Até que, finalmente, os dois times percebem a ‘jogada’ do Morcego e juntos o condenam a abandonar a luz do dia, passar a viver em cavernas e locais escuros e voar apenas à noite. A outra história também tinha um fundo moral. É sobre um homem que pertencia à mesma turma do ‘Rubenilson’, música do Nicolas Júnior.
O cabra era muito preguiçoso; ficava se embalando na rede e sempre dava desculpas para não trabalhar. Caçar era muito perigoso porque ele podia se deparar com uma onça. Pescar era muito difícil e ele poderia morrer afogado. Acaso fosse plantar ou capinar, podia se machucar com a enxada ou o terçado. Ou então, o sol estava muito forte. Ou poderia chover.
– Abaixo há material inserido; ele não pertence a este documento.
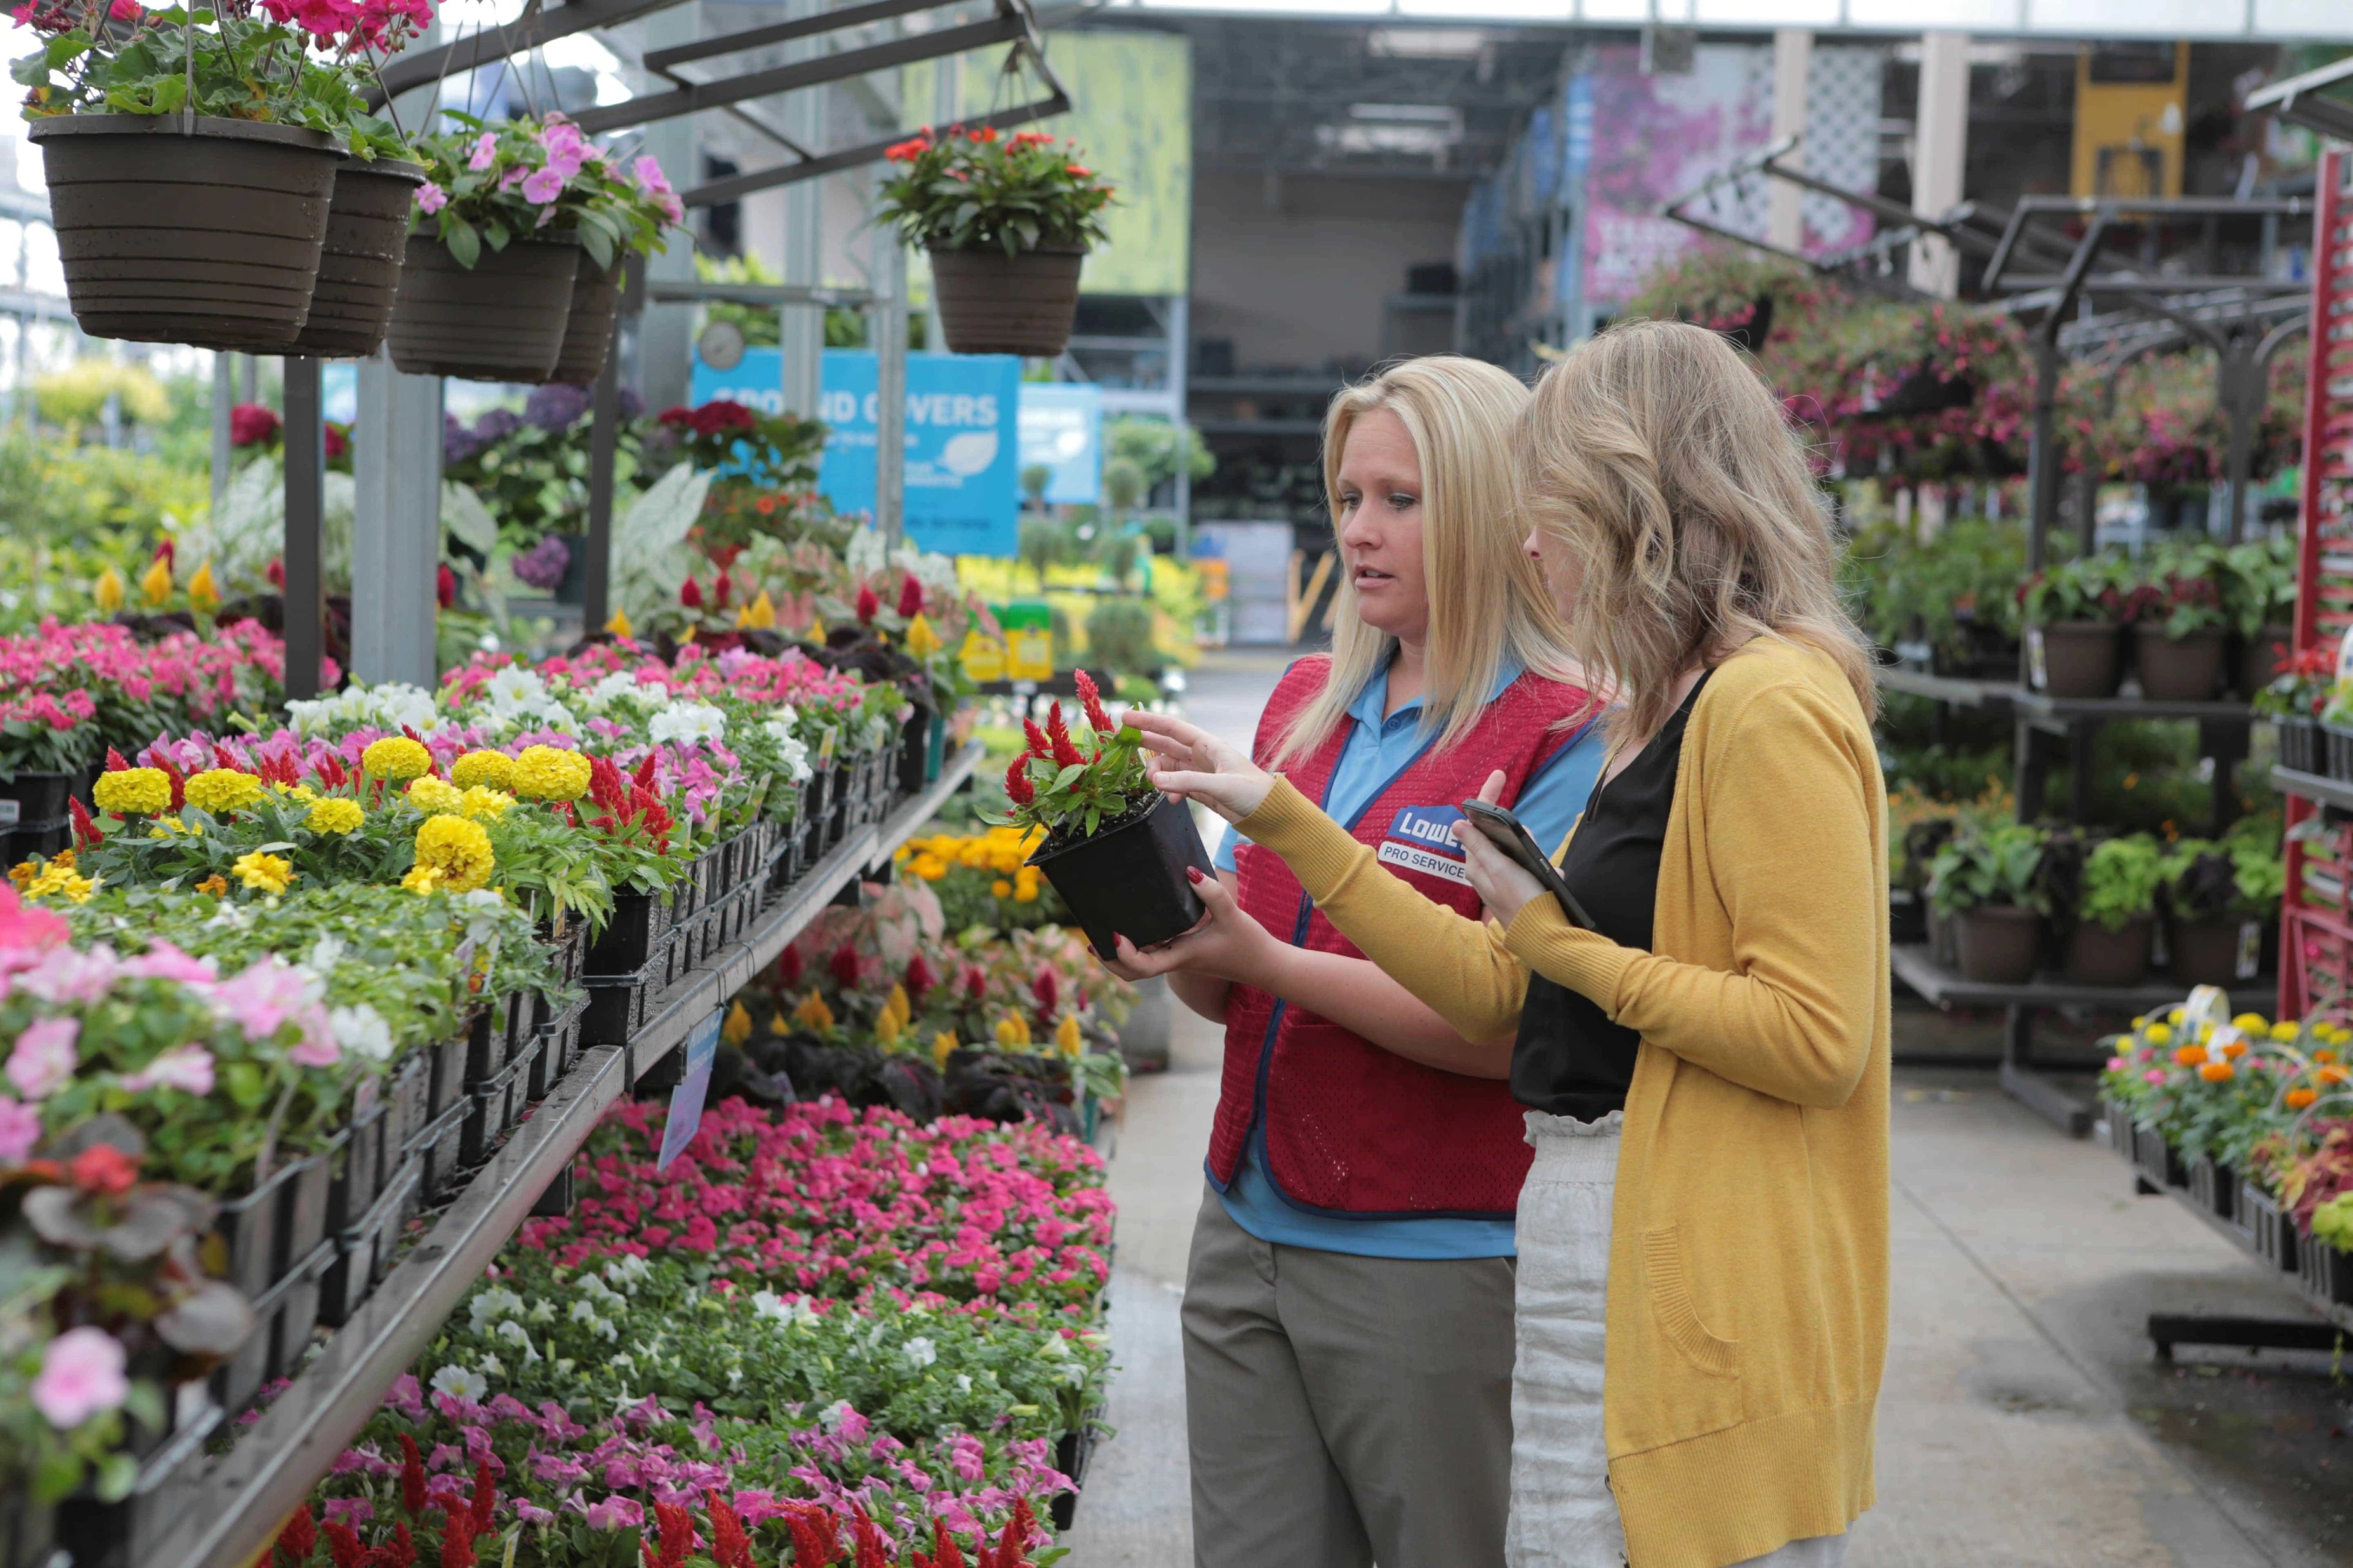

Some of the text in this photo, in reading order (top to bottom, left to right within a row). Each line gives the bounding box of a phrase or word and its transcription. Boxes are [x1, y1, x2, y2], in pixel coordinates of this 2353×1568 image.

[863, 392, 999, 426] CVERS
[1399, 812, 1467, 852] LOWE
[1384, 846, 1409, 861] PRO
As contas acumulando, a comida faltando, até que a mulher se aborreceu e declarou que, já que o sujeito não se levantava para nada, era melhor ser enterrado vivo de uma vez. E como a mente ociosa não funciona muito bem, ele achou a ideia excelente. Pensou que seria muita vantagem mesmo não precisar nunca mais se esforçar ou ter que trabalhar.
Assim, o homem pediu que fosse, sim, enterrado vivo. Quando a mulher dele contou o caso, o povo, que adora uma bagunça, rapidamente providenciou toda a operação para que o preguiçoso fosse carregado na sua rede mesmo até o cemitério.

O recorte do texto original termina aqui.